Accidents will happen. Are shipping containers safe? Are
communities prepared for radiation-related accidents?
RADIOACTIVE FUEL BACKING UP
Without a safe publicly acceptable permanent repository, high-level
waste is building up at 109 nuclear reactors across
the country. This highly radioactive waste is presently shielded and
cooled underwater in fuel pools which are rapidly filling to
capacity. With no permanent disposal location, some utilities are beginning
to store this waste outdoors in concrete
containers. Shielding, with concrete, lead or water is essential; a
person standing three feet from unshielded
irradiated fuel would receive a lethal radiation dose in 10 seconds.
While the nuclear industry has plans for a permanent
repository in Nevada, these plans are no closer to realization than
they were in 1972 when the first repository site was
proposed in Lyons, Kansas. The operation date for a Nevada repository
has now slipped to the year 2023. As a temporary fix, utilities are planning
a centralized storage facility on Native American lands in New Mexico.
Or alternatively, a bill
introduced to the U.S. Congress in January 1995 would site a surface
storage facility at the entrance to the proposed Nevada
repository at Yucca Mountain. If either of these plans happen, the
high-level waste flood gates would open. Thousands of truck and train shipments
would move dangerous radioactive waste across the country, by everyone's
backyard. Transportation
routes would go through 43 states. Department of Transportation regulations
require highway shipments of nuclear waste to take the most direct Interstate
routes, even if these routes traverse densely populated metropolitan areas.
SHIPPING CONTAINERS:
THEY'RE BIG. THEY'RE STRONG. THEY'RE VULNERABLE.

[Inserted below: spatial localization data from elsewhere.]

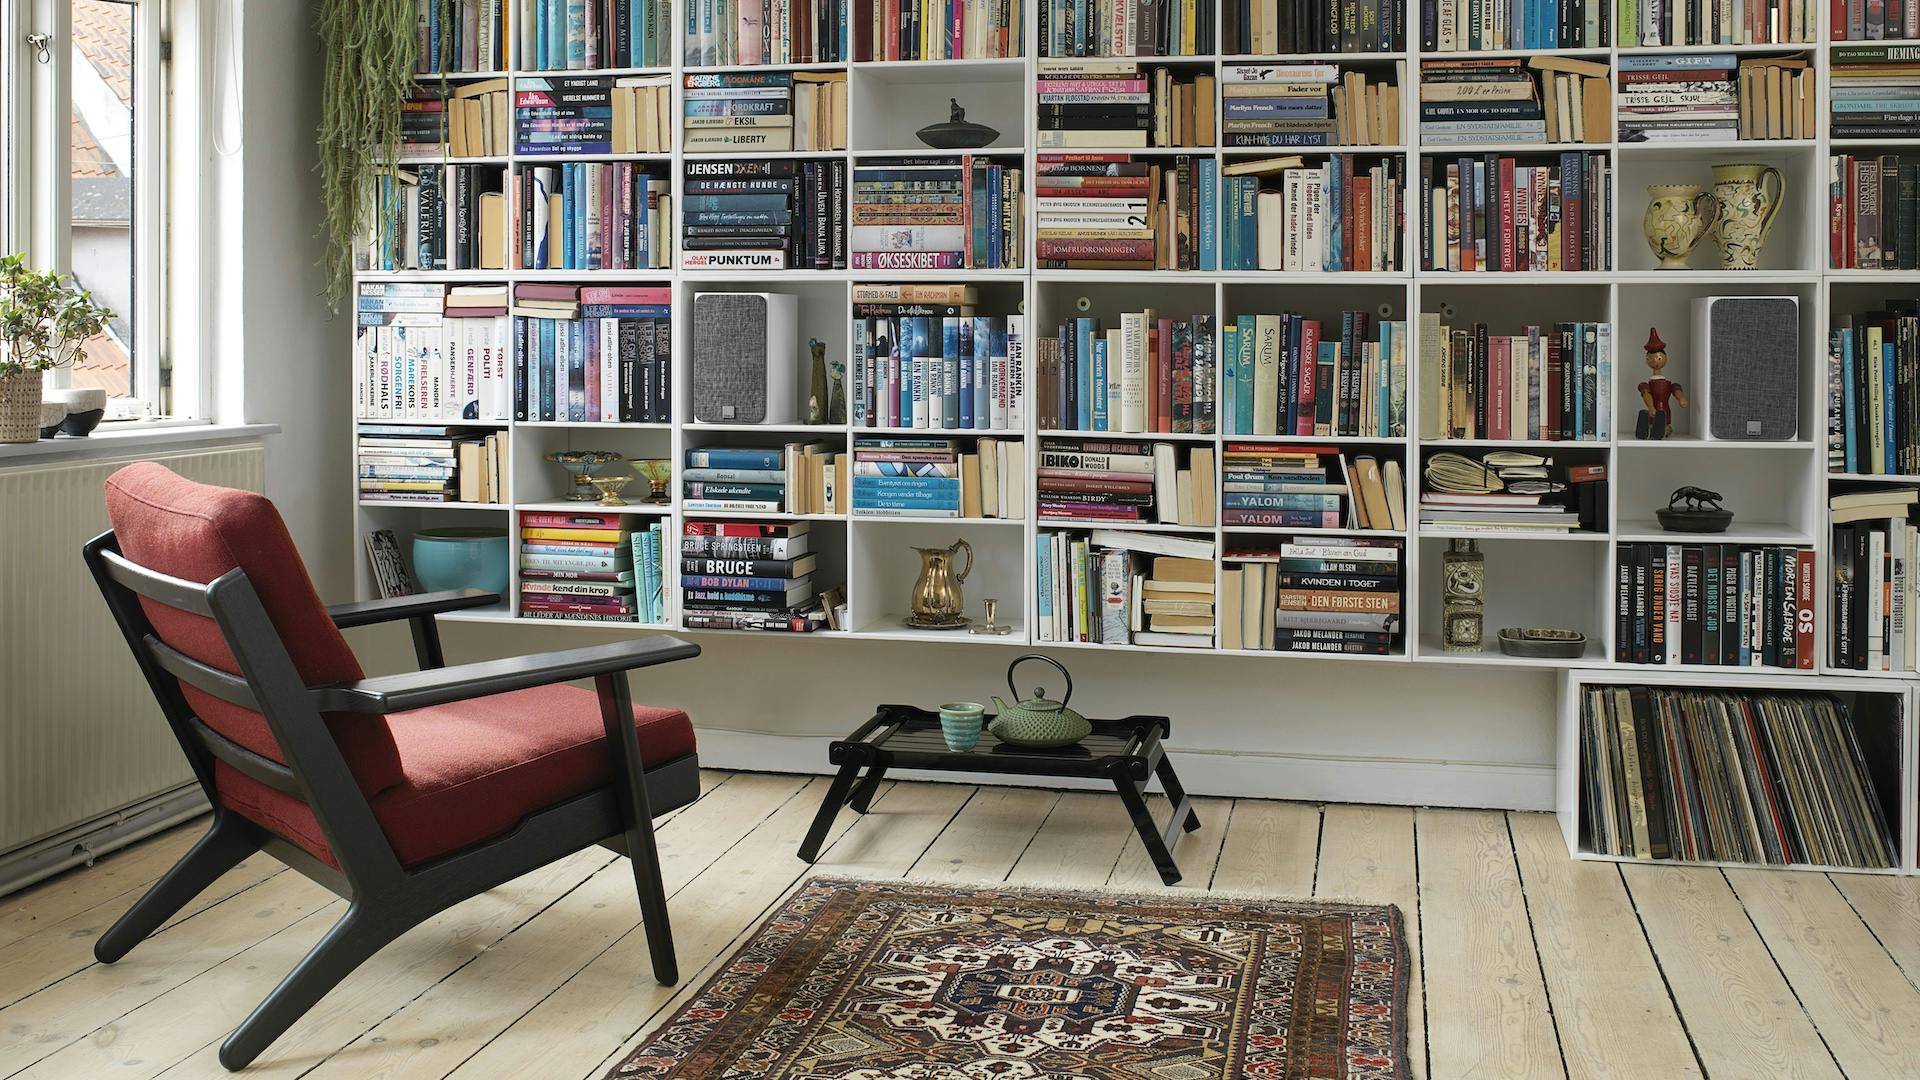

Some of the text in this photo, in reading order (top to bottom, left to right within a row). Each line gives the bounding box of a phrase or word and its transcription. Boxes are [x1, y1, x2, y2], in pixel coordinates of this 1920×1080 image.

[1443, 9, 1451, 36] AF GLAS
[1675, 57, 1712, 65] GIFT
[734, 117, 756, 126] EKSIL
[733, 136, 766, 144] LIBERTY
[1272, 135, 1283, 144] DU
[1860, 165, 1869, 215] HISTORIEN
[1517, 187, 1527, 224] NYNNES
[420, 190, 429, 242] VALERIA
[1128, 216, 1146, 226] 2
[1305, 207, 1314, 220] med
[1504, 215, 1511, 225] AT
[818, 238, 827, 255] LUKA
[708, 256, 772, 265] PUNKTUM
[877, 252, 940, 268] ØKSESKIBET
[886, 290, 898, 298] FALD
[1010, 342, 1015, 351] EN
[1195, 344, 1203, 357] DE
[1243, 328, 1252, 365] SARUM
[1264, 328, 1275, 365] SARUM
[1304, 329, 1313, 394] ISLANDSKE SAGAER
[1833, 347, 1841, 376] BOGEN
[381, 361, 389, 409] RØDHALS
[1340, 370, 1349, 399] PERSEPOLIS
[1351, 370, 1360, 399] PERSEPOLIS
[1045, 454, 1078, 468] BIKO
[704, 486, 729, 494] Elskede
[1242, 496, 1284, 507] YALOM
[1240, 514, 1282, 524] YALOM
[684, 540, 761, 552] BRUCE SPRINGSTEEN
[706, 560, 754, 575] BRUCE
[1339, 563, 1356, 572] OLSEN
[701, 578, 750, 587] BOB DYLAN
[1301, 578, 1341, 588] KVINDEN
[1348, 580, 1380, 588] TOGET
[1725, 568, 1736, 594] PIGEN OG
[1784, 555, 1796, 600] MORTEN
[1802, 563, 1810, 601] MORTEN SABROE
[522, 583, 551, 591] Kvinde
[552, 584, 573, 592] kend
[589, 586, 609, 595] krop
[1620, 565, 1628, 616] JAKOB MELANDER
[1636, 566, 1644, 617] JAKOB MELANDER
[1669, 562, 1680, 623] EVAS SIDSTE NAT
[1686, 565, 1698, 621] DJÆVLENS ANSIGT
[1311, 596, 1388, 610] DEN FØRSTE STEN
[1653, 569, 1664, 643] SKRIG UNDER VAND
[1707, 568, 1718, 632] DET NORSKE JOB
[1782, 601, 1796, 643] SABROE
[1798, 608, 1813, 633] OS
[1292, 630, 1343, 639] JAKOB MELANDER
[1292, 642, 1342, 650] JAKOB MELANDER

A shipping cask is a cylindrical metal container, made up of steel
and lead or uranium. Each truck shipping cask weighs 25
tons; rail casks weigh up to 125 tons. Inside the cask, the fuel consists
of solid uranium stacked like poker chips within metal
tubes. A collection of these tubes is called an assembly. A typical
pressurized water reactor (PWR) uses 60 fuel assemblies,
or 30 tons of fuel, each year. Each truck cask contains 1 or 2 PWR
fuel assemblies. Each rail cask holds up to 24 fuel
assemblies. In terms of radioactivity, each fuel assembly contains
10 times the long-lived radioactivity released by the
Hiroshima bomb.
The more severe an accident, the more likely that radioactive material
would be released to the environment. A low speed
accident could unseat a valve or damage a seal, releasing radioactive
particulates to the environment. The same event could crack the brittle
metal tubing about the fuel. According to the American Petroleum Institute,
heavy truck accidents occur
about 6 times each million miles traveled. With thousands of truck
shipments, at least 15 accidents are expected each year.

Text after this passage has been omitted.